Comme vous l'avez peut-être déjà lu ici, nous avons organisé avec mes élèves de Littérature et Société une interview Skype avec Tatiana de Rosnay. La vraie ! Et ça a eu lieu ce matin...
Autant vous dire qu'on était un peu fébriles et impressionnés, les élèves comme moi. Mais elle a su répondre très simplement à leurs questions, et j'ai quelques pépites à vous dévoiler ...
Pour simplifier et ne pas vous assommer avec de longs textes, je vais résumer l'interview en plusieurs grands points :
Tatiana et la lecture
Si Tatiana de Rosnay est écrivain, c'est qu'elle a avant tout été une lectrice : beaucoup d'auteurs anglais, mais également Maupassant, dont elle aime certaines atmosphères sombres, Thérèse Raquin de Zola et Edgar Poe, pour ces mêmes raisons. Elle a également été très influencée par Modiano et Virginia Woolf.
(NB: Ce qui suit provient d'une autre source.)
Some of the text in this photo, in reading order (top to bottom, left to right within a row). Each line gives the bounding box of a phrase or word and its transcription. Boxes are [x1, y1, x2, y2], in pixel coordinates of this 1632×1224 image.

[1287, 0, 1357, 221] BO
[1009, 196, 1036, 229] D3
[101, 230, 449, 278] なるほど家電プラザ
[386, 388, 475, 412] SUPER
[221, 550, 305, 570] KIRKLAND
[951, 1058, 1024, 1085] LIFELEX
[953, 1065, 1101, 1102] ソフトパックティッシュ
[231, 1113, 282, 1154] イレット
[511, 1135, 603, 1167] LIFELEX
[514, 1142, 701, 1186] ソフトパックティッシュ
Elle se disait "j'aimerais, moi aussi, écrire quelque chose qui captive les lecteurs" (et on peut dire qu'elle y réussit !). Et puis bien sûr, il y a Daphné du Maurier et Rebecca, le livre qui l'a tant marquée. Sa noirceur, son mystère et surtout l'absence de véritable fin exercent encore leur séduction sur elle. Elle se trouve d'ailleurs beaucoup de points communs avec cette auteur, mais pas seulement au niveau de l'écriture. Comme elle, elle a une double nationalité, mais les similitudes touchent également leur adolescence, leur famille, et d'autres dimensions plus intimes.
Ses sources d'inspiration
Les idées de ses romans lui viennent de son observation de la vie. Un voyage en train, une rencontre, une salle d'attente. Elle avoue beaucoup aimer les salles d'attente. Tous ses gens qui patientent pour voir le médecin sont pour elle des sujets de romans potentiels.
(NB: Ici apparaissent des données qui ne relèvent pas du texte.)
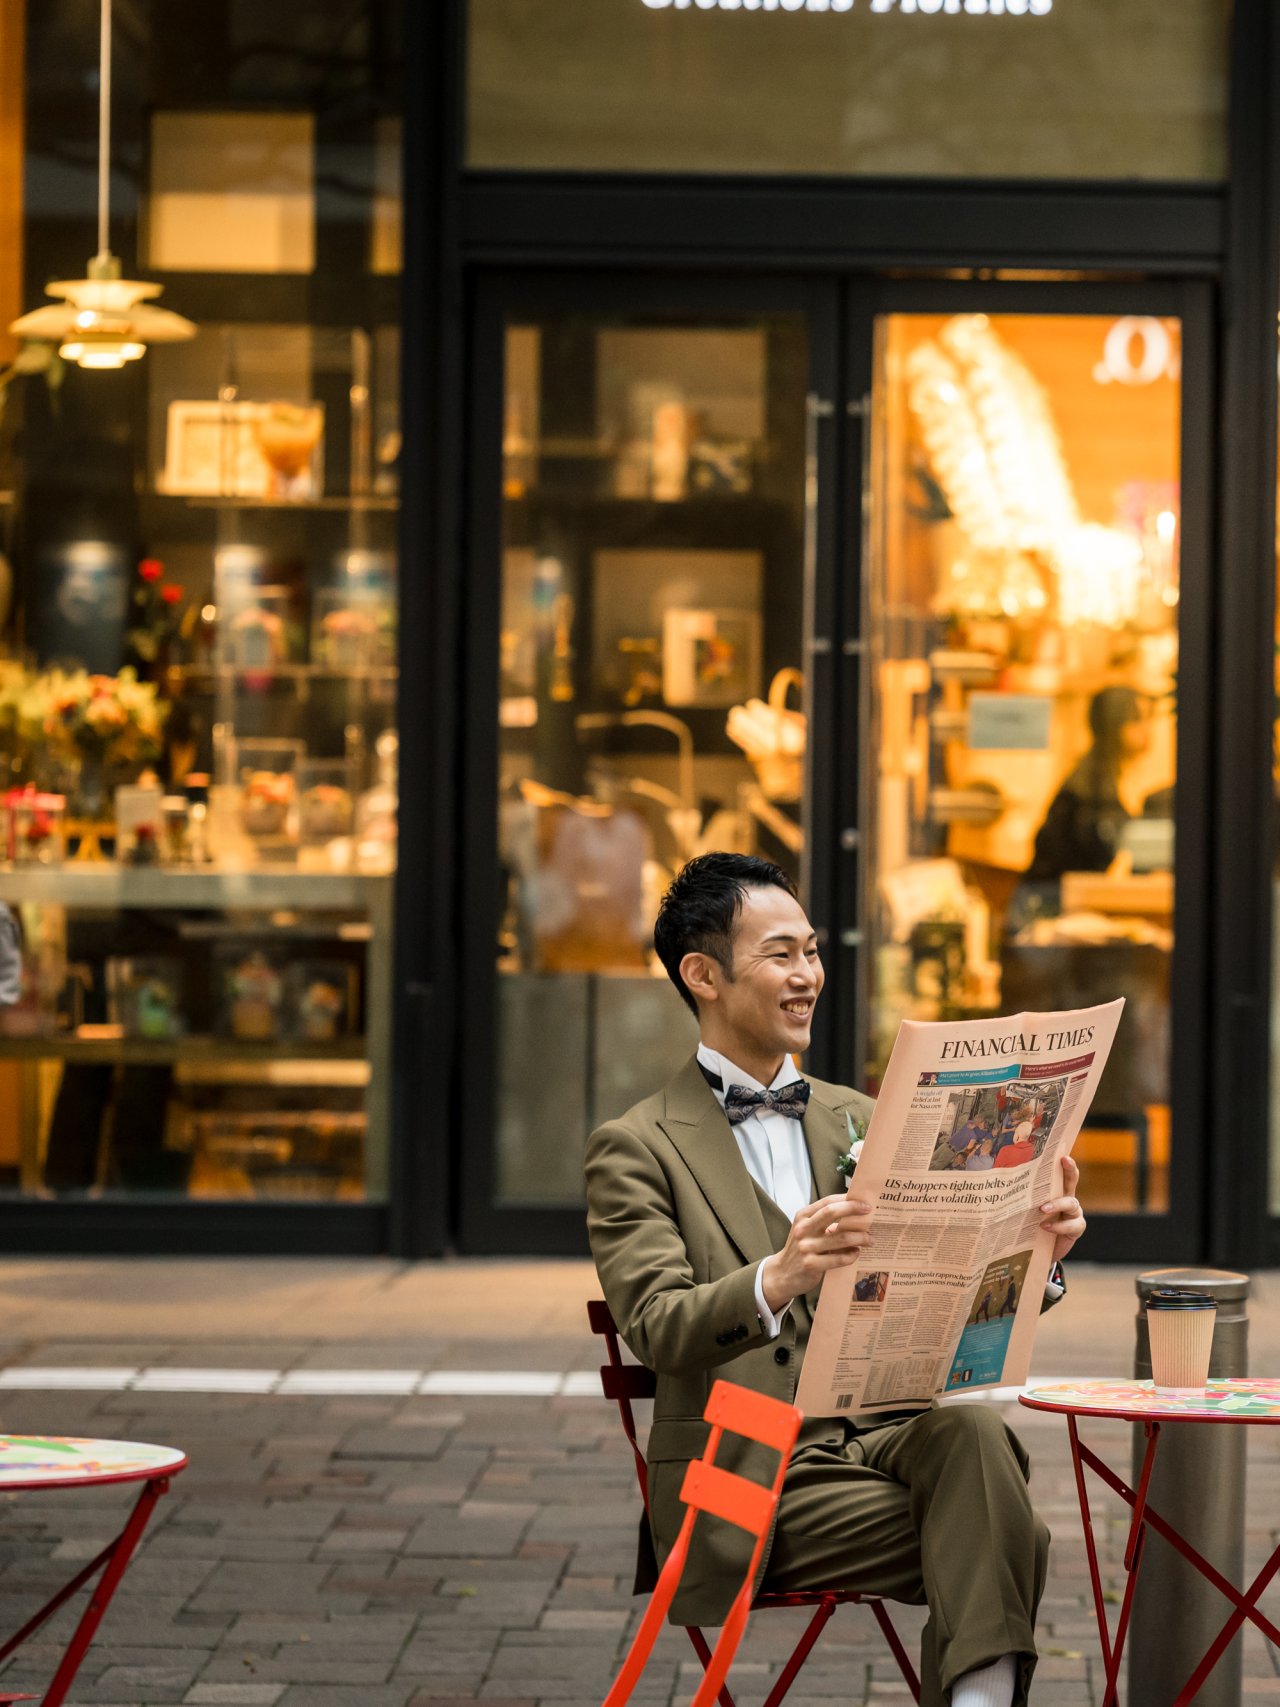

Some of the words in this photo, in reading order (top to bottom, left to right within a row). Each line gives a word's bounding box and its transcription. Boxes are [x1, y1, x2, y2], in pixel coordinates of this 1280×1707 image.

Puis le livre germe peu à peu dans son esprit, elle y pense tous les jours, il prend de plus en plus d'ampleur dans un coin un peu magique de son cerveau. Elle écrit souvent un plan avant d'en commencer la rédaction. Elle n'est pas le genre d'écrivain qui se "jette dans le livre", sans filet.
Chanceuse et prolixe, elle avoue ne jamais avoir été victime de la "page blanche" jusqu'à présent. Il y a toujours des idées qui l'inspirent, et elle aime particulièrement la variété. Ses romans s'en ressentent d'ailleurs.
L'écriture
Tatiana de Rosnay écrit depuis qu'elle a une dizaine d'années. Environ un livre par an. Tous les romans qu'elle n'a pas publiés avant ses 30 ans (elle a essuyé un rejet d'éditeur qui l'a refroidie quand elle avait une vingtaine d'années), sont regroupés dans une boîte, sur laquelle il est écrit "Ne pas publier après ma mort". Elle a donc une quarantaine de livres à son actif, mais seulement la moitié environ a été publiée.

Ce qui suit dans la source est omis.